▸ Exercise description
Repeat everything in the listing exactly, except for the images.

*** Begin section ***

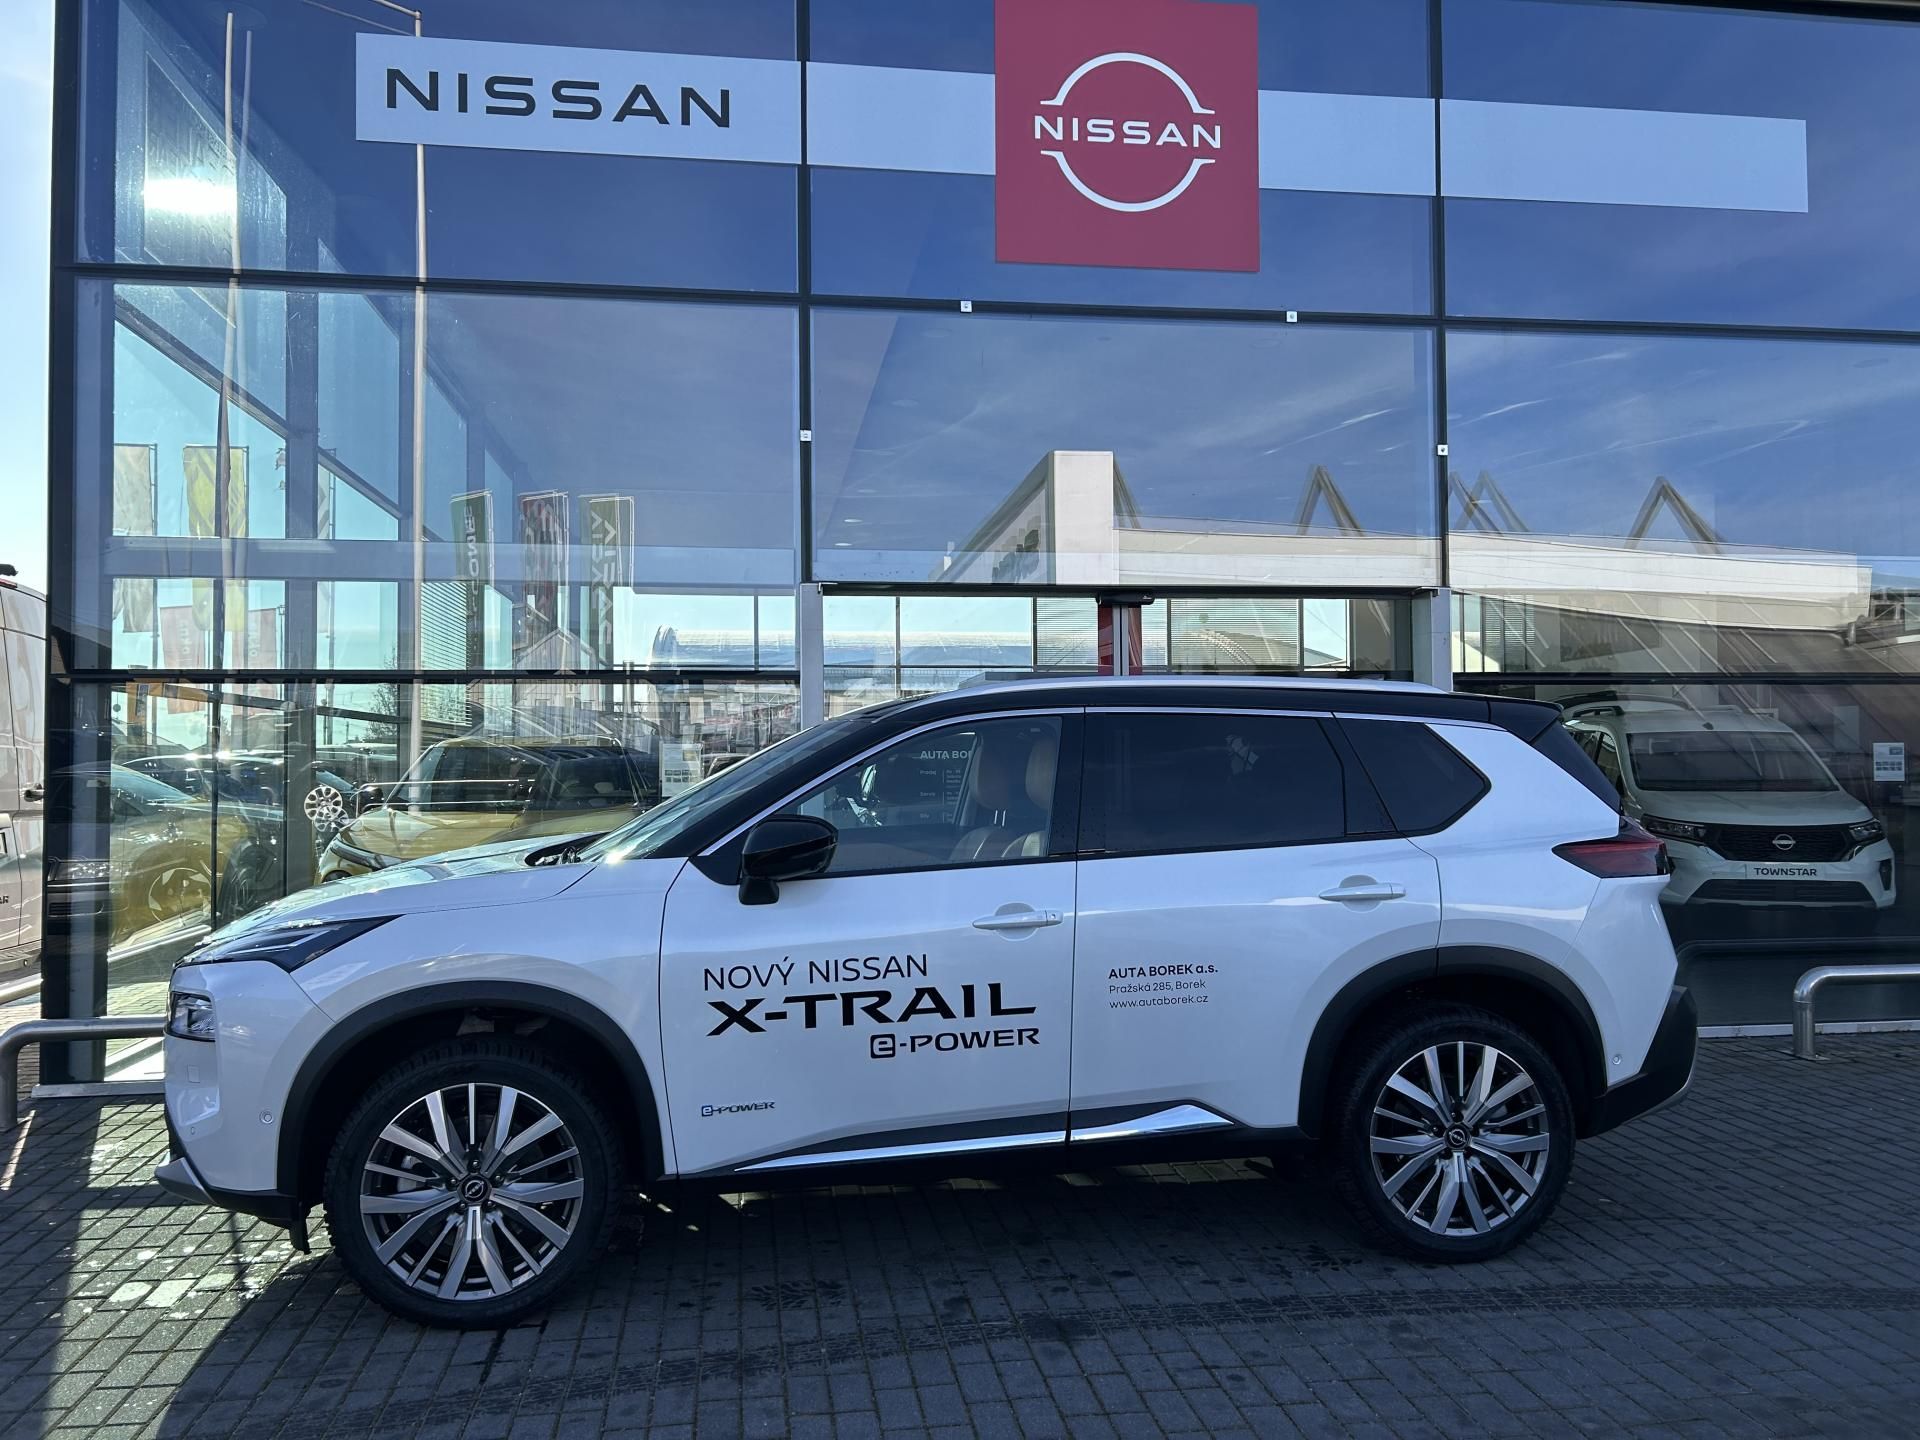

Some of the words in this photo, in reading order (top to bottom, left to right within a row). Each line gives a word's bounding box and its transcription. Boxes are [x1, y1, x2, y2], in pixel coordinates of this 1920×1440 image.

[386, 68, 731, 129] NISSAN
[1034, 115, 1221, 149] NISSAN
[920, 750, 950, 759] AUTA
[1754, 867, 1817, 876] TOWNSTAR
[704, 957, 795, 991] NOVÝ
[808, 954, 928, 984] NISSAN
[1109, 967, 1146, 979] AUTA
[1149, 964, 1193, 976] BOREK
[1196, 964, 1218, 974] a.s.
[1109, 984, 1151, 994] Pražská
[1153, 982, 1174, 992] 285,
[1175, 979, 1206, 990] Borek
[1109, 995, 1208, 1008] www.autaborek.cz
[706, 983, 1037, 1036] X-TRAIL

*** End section ***

▸ Solution to the exercise
Some of the words in this photo, in reading order (top to bottom, left to right within a row). Each line gives a word's bounding box and its transcription. Boxes are [x1, y1, x2, y2], in pixel coordinates of this 1920×1440 image.

[386, 68, 731, 129] NISSAN
[1034, 115, 1221, 149] NISSAN
[920, 750, 950, 759] AUTA
[1754, 867, 1817, 876] TOWNSTAR
[704, 957, 795, 991] NOVÝ
[808, 954, 928, 984] NISSAN
[1109, 967, 1146, 979] AUTA
[1149, 964, 1193, 976] BOREK
[1196, 964, 1218, 974] a.s.
[1109, 984, 1151, 994] Pražská
[1153, 982, 1174, 992] 285,
[1175, 979, 1206, 990] Borek
[1109, 995, 1208, 1008] www.autaborek.cz
[706, 983, 1037, 1036] X-TRAIL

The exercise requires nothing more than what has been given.